Noah said he thought I might be open to dating a guy and had apologized for making the assumption.
I hadn’t been, not really. But I also hadn’t been mad at Noah.
What did that mean?
The truth was, I liked who I was. I still did. I wasn’t in crisis, wasn’t having some midlife awakening. And yet… every time Gideon looked at me, the world seemed to rearrange itself. Not everything. Not all at once. Just… enough.
It wasn’t like with Christian. It wasn’t a lark or a dare or some kind of band-aid after Angela. It was something that kept drawing me closer, not in a rush, not all at once, but with the kind of certainty that made resistance feel pointless.
Sleep had been a brief visitor.
Something pulled me from it—maybe a sound, maybe just the weight of thought pressing in after lights-out. I’d been thinking about Gideon again, that much I remembered. The way he’d brushed his fingers through Dennis’s fur earlier—absent-minded, but with more tenderness than he ever gave himself. I didn’t even notice when I drifted off.
I reached for my phone on the nightstand. 12:17 a.m.
No noise now. Not even the wind in the trees. Just the stillness that settles over small towns after midnight.
I pushed out of bed and padded to the back window. From here, I could see the edge of the yard behind the clinic.
Gideon was out there.
The moon caught the outline of him by the fence—shoulders tense, arms folded like he was holding himself together. Bare chest, bare back, tattoos shadowed in silver light. Just a pair of dark pajama pants slung low on his hips. August nights here weren’t cold, but they weren’t exactly forgiving either. Still, he stood there like the chill belonged to him.

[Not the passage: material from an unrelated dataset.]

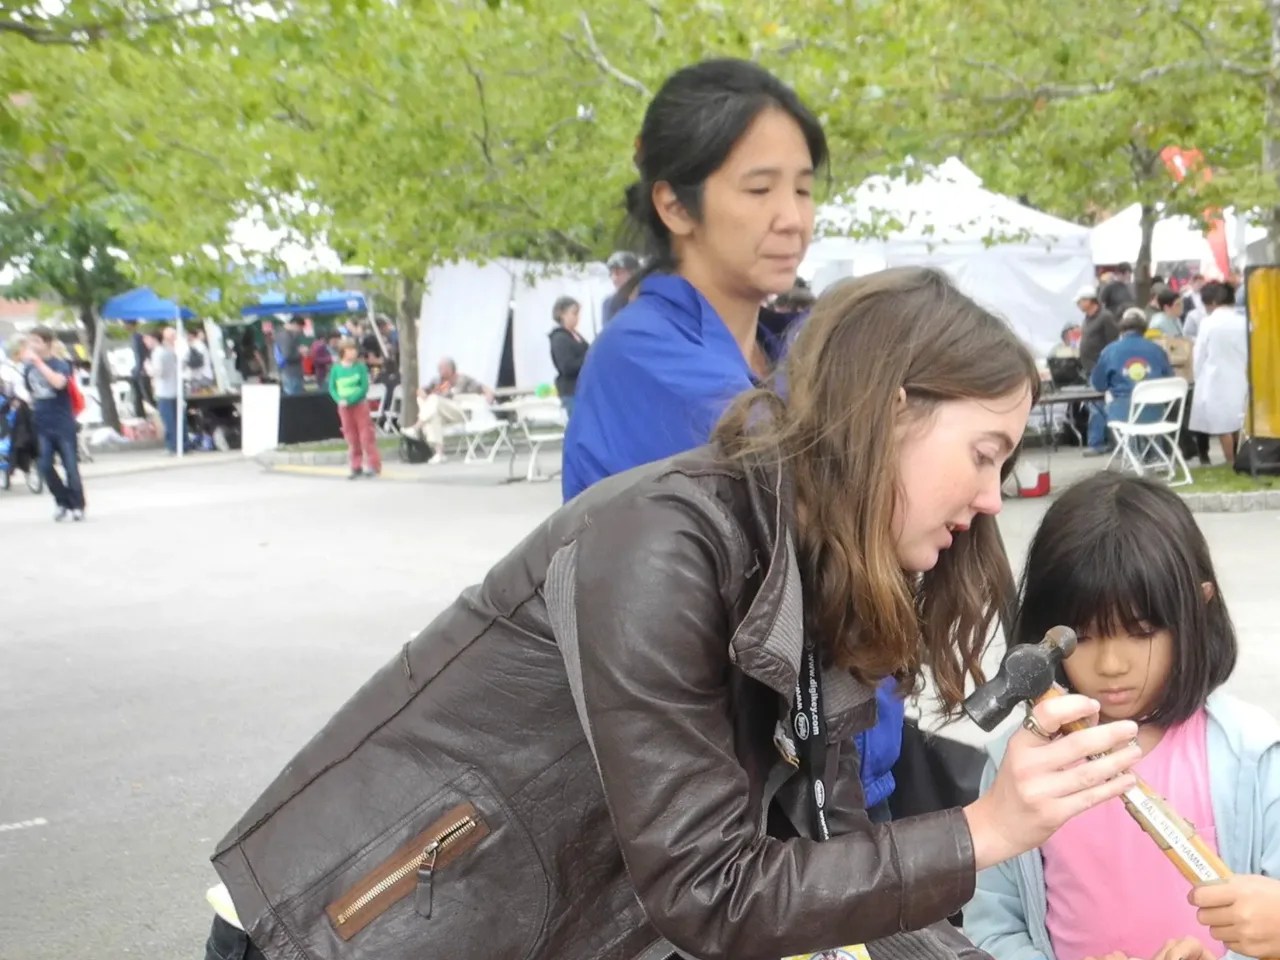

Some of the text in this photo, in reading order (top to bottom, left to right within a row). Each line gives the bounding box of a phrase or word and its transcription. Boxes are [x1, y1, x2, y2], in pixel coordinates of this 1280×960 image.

[808, 653, 821, 736] www.digikey.com
[1160, 819, 1180, 845] PEEN
[1180, 842, 1212, 879] HAMMER

I pulled on a hoodie over my sleep shirt and stepped outside. The grass was cool and damp under my feet, the night air heavy enough to feel.
He didn’t turn, but I saw the moment he knew I was there—a subtle shift in his posture, a pause in his breathing.
I stopped beside him, leaving a strip of space between us. “Couldn’t sleep?”
“Didn’t try,” he said, voice low.
“Needed air?”
“Something like that.”
My gaze caught on him again before I could help it—bare chest, ink I’d only ever seen hidden under sleeves winding across his skin. Broad shoulders tapering to a lean waist, the kind of shape that made my pulse misbehave.
“Guess shirts are optional for midnight walks?” I said, aiming for light but hearing the weight under it.
The corner of his mouth curved. “Didn’t know I needed clearance from the medical board.”
I almost smiled. “We’re strict about these things.”
Silence settled in, not heavy but not light either.
“You were good with the old beagle today,” I said, because it was true.
“He was sweet. Let me hold him like he’d known me forever.”
“That’s how they are. Animals don’t wait to be sure.”
He gave the smallest nod. His gaze had gone somewhere else again, someplace I couldn’t follow. I wanted to ask, to push—but the look on his face told me I couldn’t go there.
So I didn’t.
“Alright,” I said quietly. “I’ll let you get back to it.”
“Go on,” he murmured. “I’ll be in soon.”